(Beginning of Data under study)

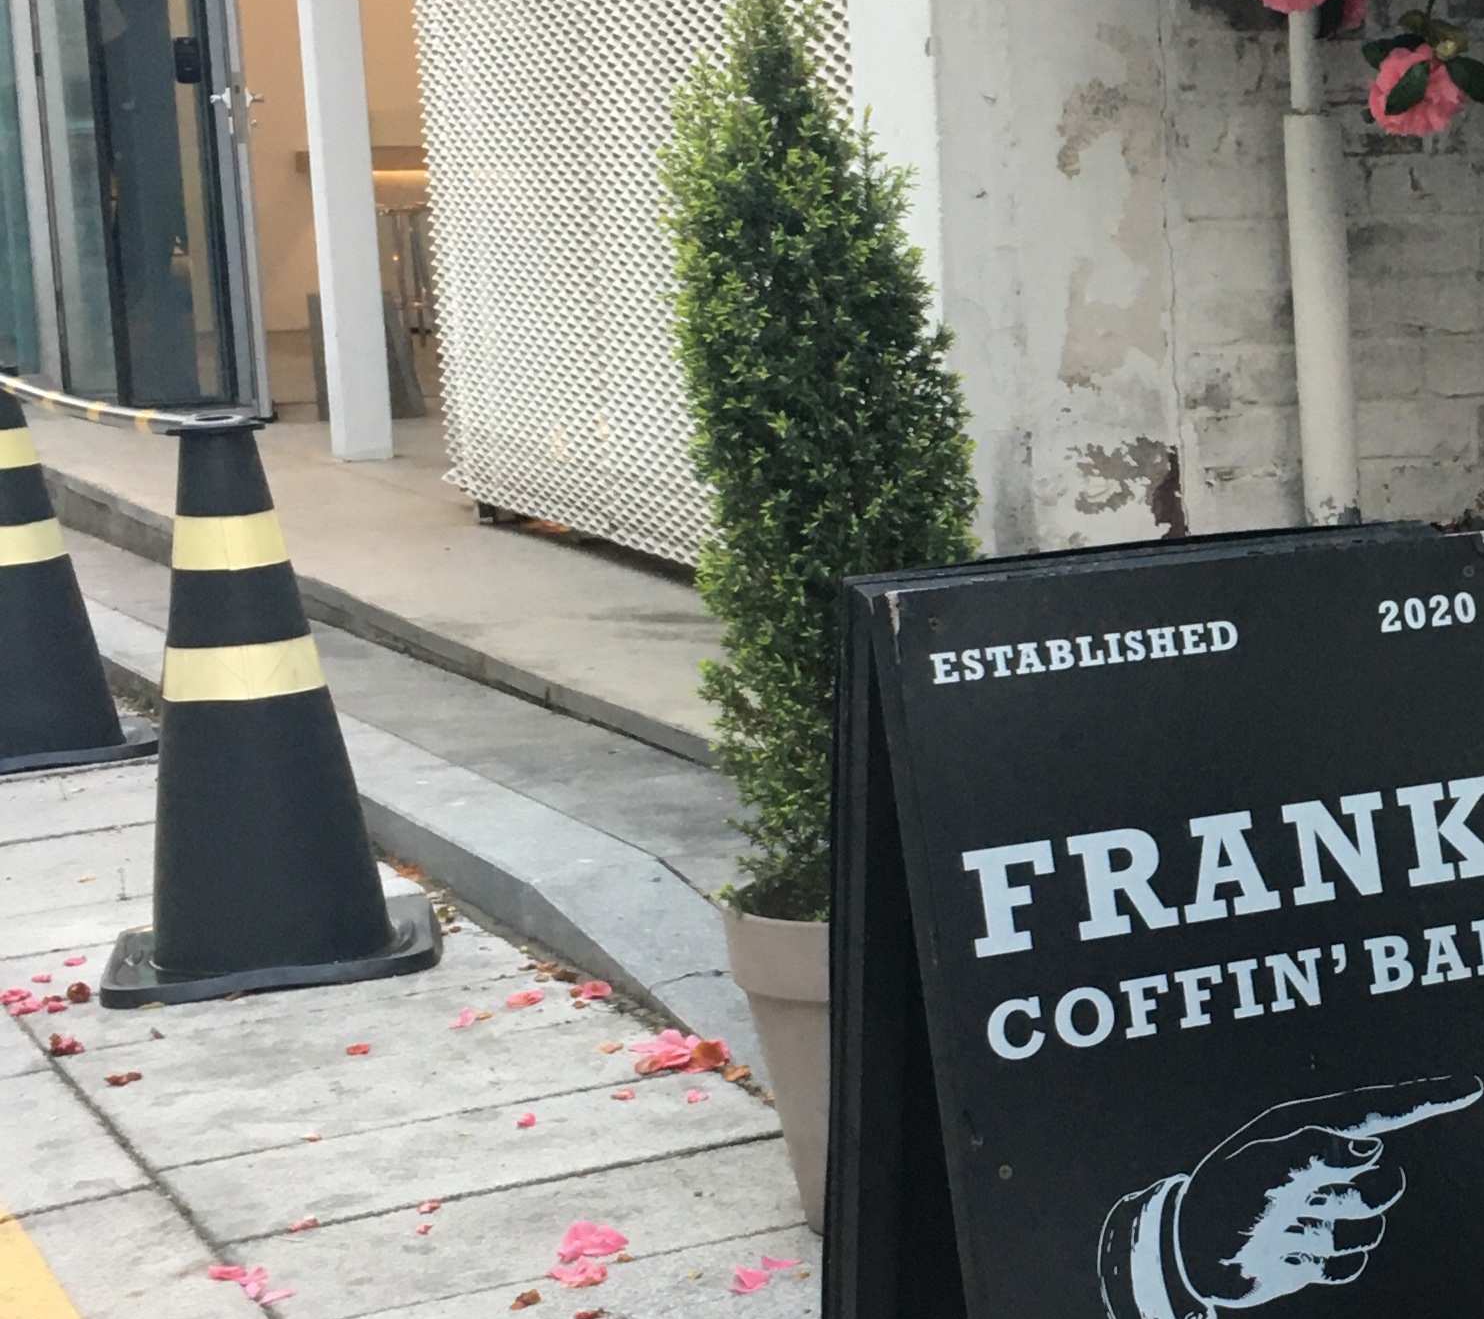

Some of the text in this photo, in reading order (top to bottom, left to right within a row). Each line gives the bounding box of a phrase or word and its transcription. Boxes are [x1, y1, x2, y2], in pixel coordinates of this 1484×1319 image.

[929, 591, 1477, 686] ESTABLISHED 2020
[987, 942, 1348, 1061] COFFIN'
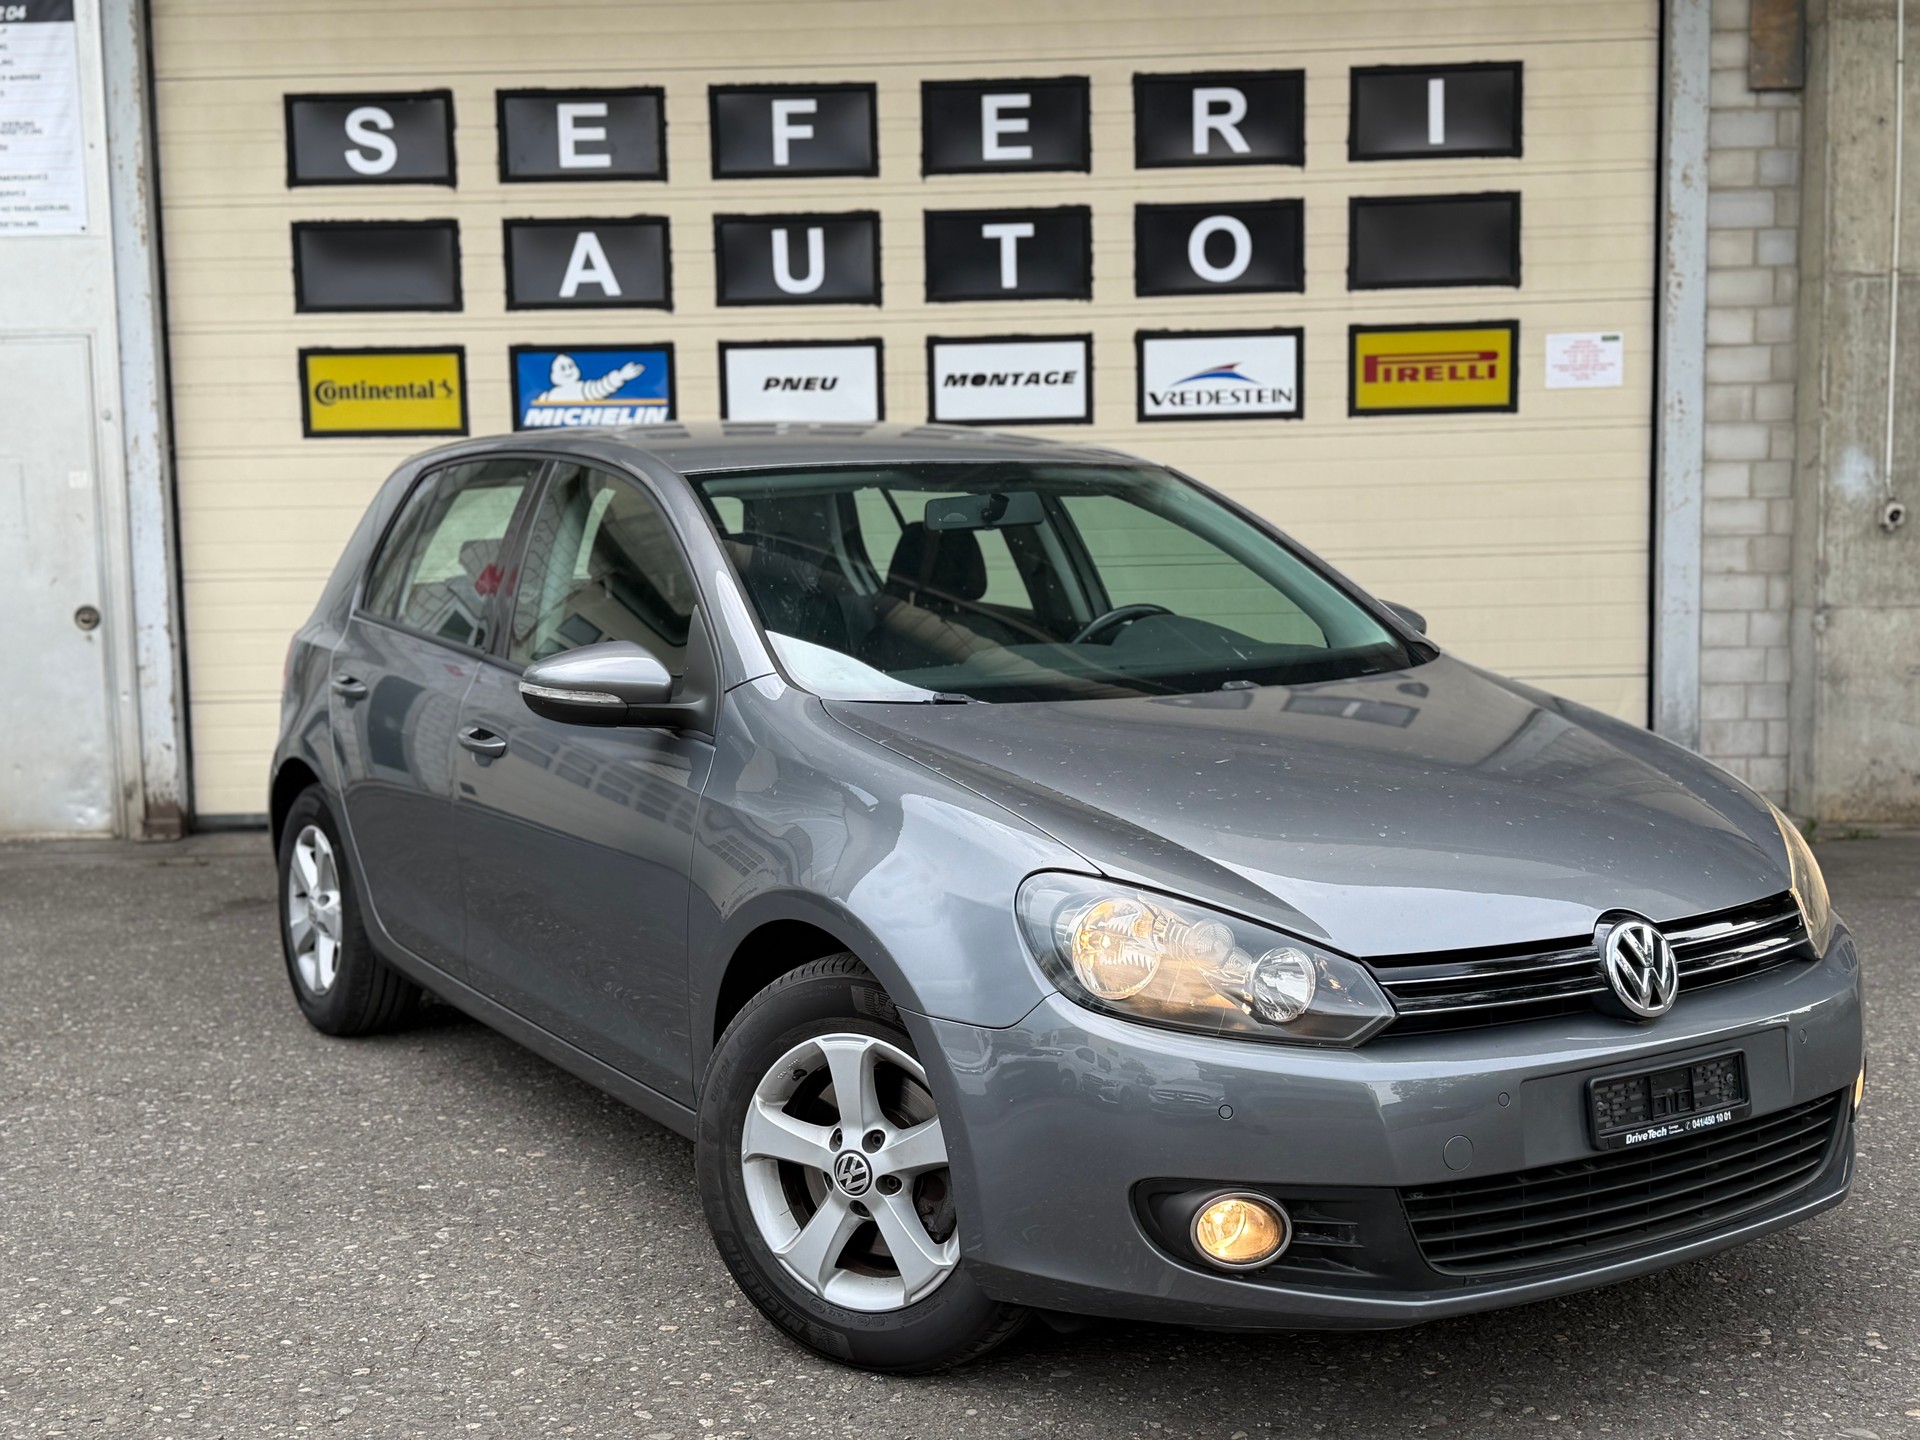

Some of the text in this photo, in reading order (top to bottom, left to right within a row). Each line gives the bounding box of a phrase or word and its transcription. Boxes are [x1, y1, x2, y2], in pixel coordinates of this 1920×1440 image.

(End of Data under study)
(Beginning of Data under study)

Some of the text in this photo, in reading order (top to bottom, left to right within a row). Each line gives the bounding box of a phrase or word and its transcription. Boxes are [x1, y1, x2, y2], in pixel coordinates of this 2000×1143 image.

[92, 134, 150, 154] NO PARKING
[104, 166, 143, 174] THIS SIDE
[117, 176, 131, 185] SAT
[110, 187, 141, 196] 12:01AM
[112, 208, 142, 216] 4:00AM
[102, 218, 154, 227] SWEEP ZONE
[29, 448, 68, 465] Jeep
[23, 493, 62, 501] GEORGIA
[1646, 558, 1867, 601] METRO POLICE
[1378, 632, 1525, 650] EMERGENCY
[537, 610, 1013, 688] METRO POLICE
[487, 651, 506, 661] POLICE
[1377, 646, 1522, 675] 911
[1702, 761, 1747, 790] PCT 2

(End of Data under study)
(Beginning of Data under study)

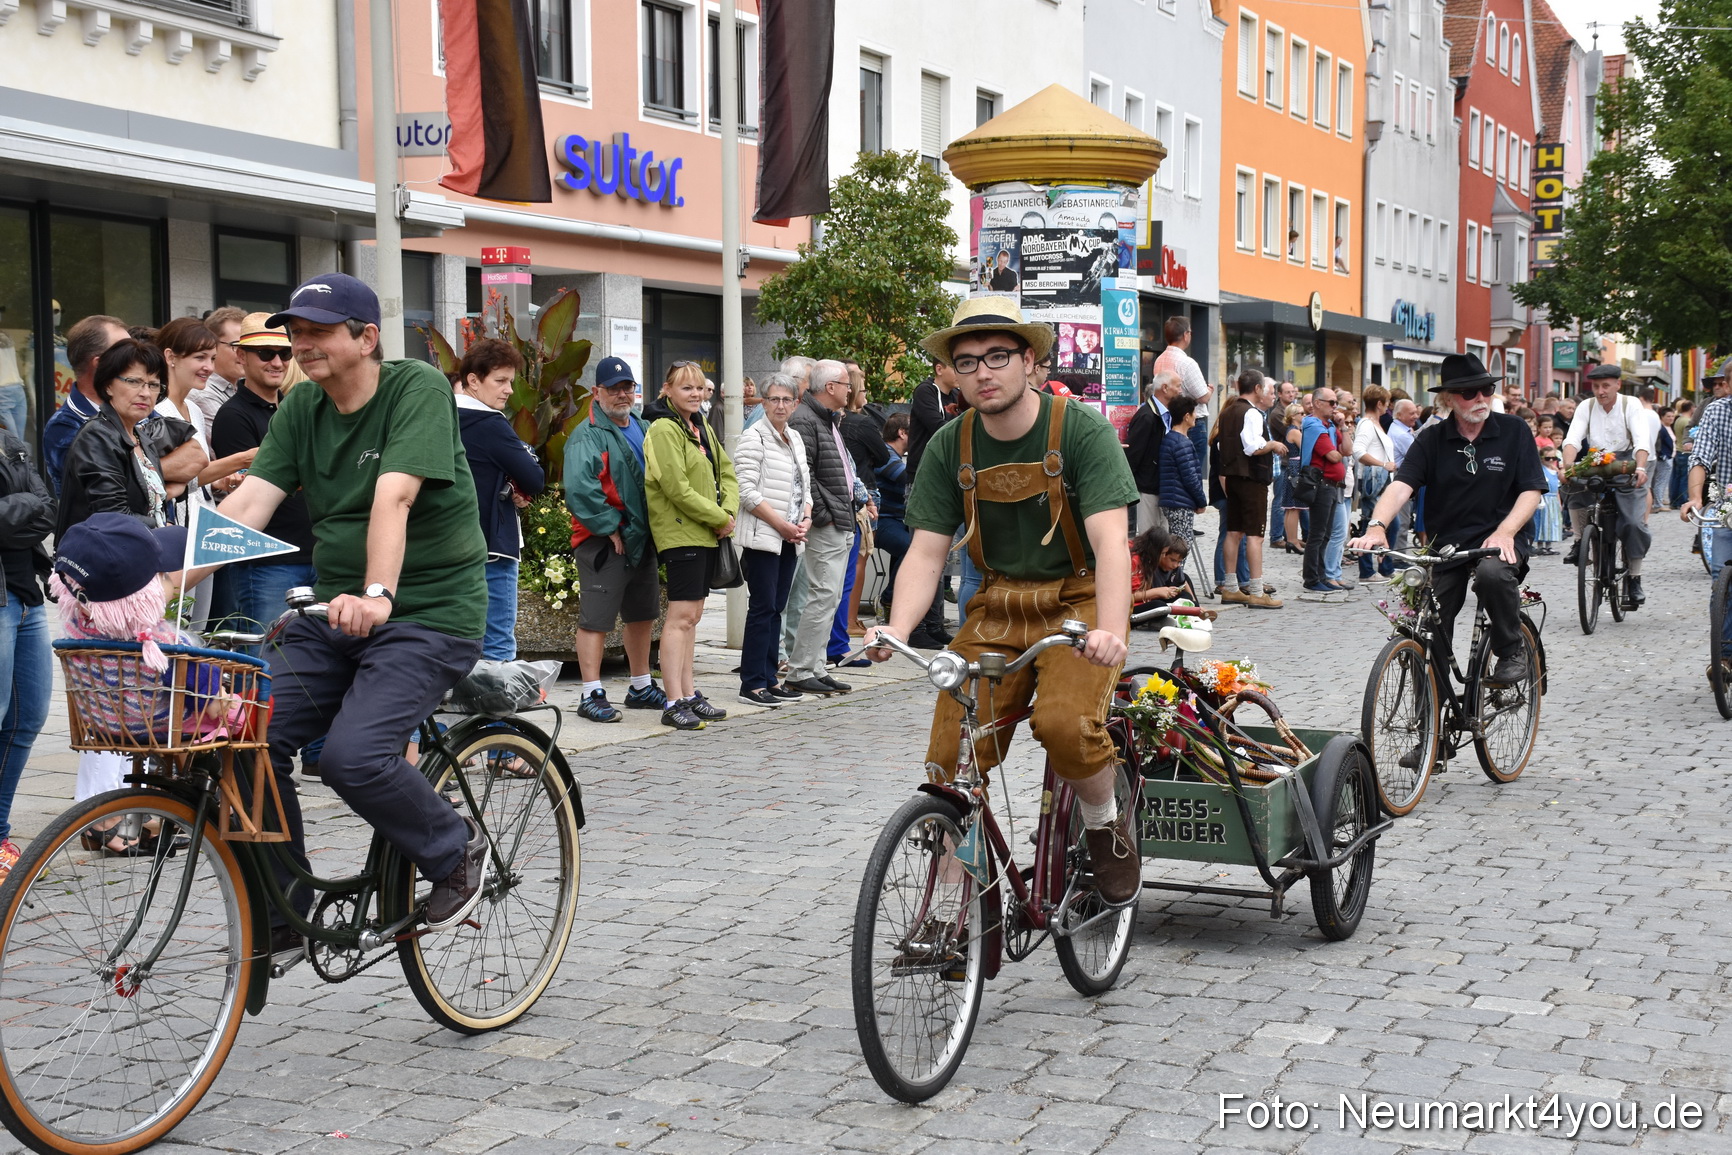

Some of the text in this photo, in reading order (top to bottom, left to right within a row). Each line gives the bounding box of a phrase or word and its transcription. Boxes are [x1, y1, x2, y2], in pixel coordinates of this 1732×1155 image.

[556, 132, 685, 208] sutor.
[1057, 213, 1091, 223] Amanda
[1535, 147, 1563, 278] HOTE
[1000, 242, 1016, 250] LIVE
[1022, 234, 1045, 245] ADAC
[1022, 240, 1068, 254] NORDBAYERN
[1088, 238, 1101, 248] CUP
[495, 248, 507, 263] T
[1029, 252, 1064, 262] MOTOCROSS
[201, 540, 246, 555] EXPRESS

(End of Data under study)

Problem description: Look above for the line with "this 1484×1319 image." and the line with "this 1920×1440 image.". Give again exactly those two lines and all lines between them, pictures excluded.

Answer to this task:
Some of the text in this photo, in reading order (top to bottom, left to right within a row). Each line gives the bounding box of a phrase or word and its transcription. Boxes are [x1, y1, x2, y2], in pixel coordinates of this 1484×1319 image.

[929, 591, 1477, 686] ESTABLISHED 2020
[987, 942, 1348, 1061] COFFIN'

Some of the text in this photo, in reading order (top to bottom, left to right within a row). Each line gives the bounding box of a phrase or word and its transcription. Boxes are [x1, y1, x2, y2], in pixel coordinates of this 1920×1440 image.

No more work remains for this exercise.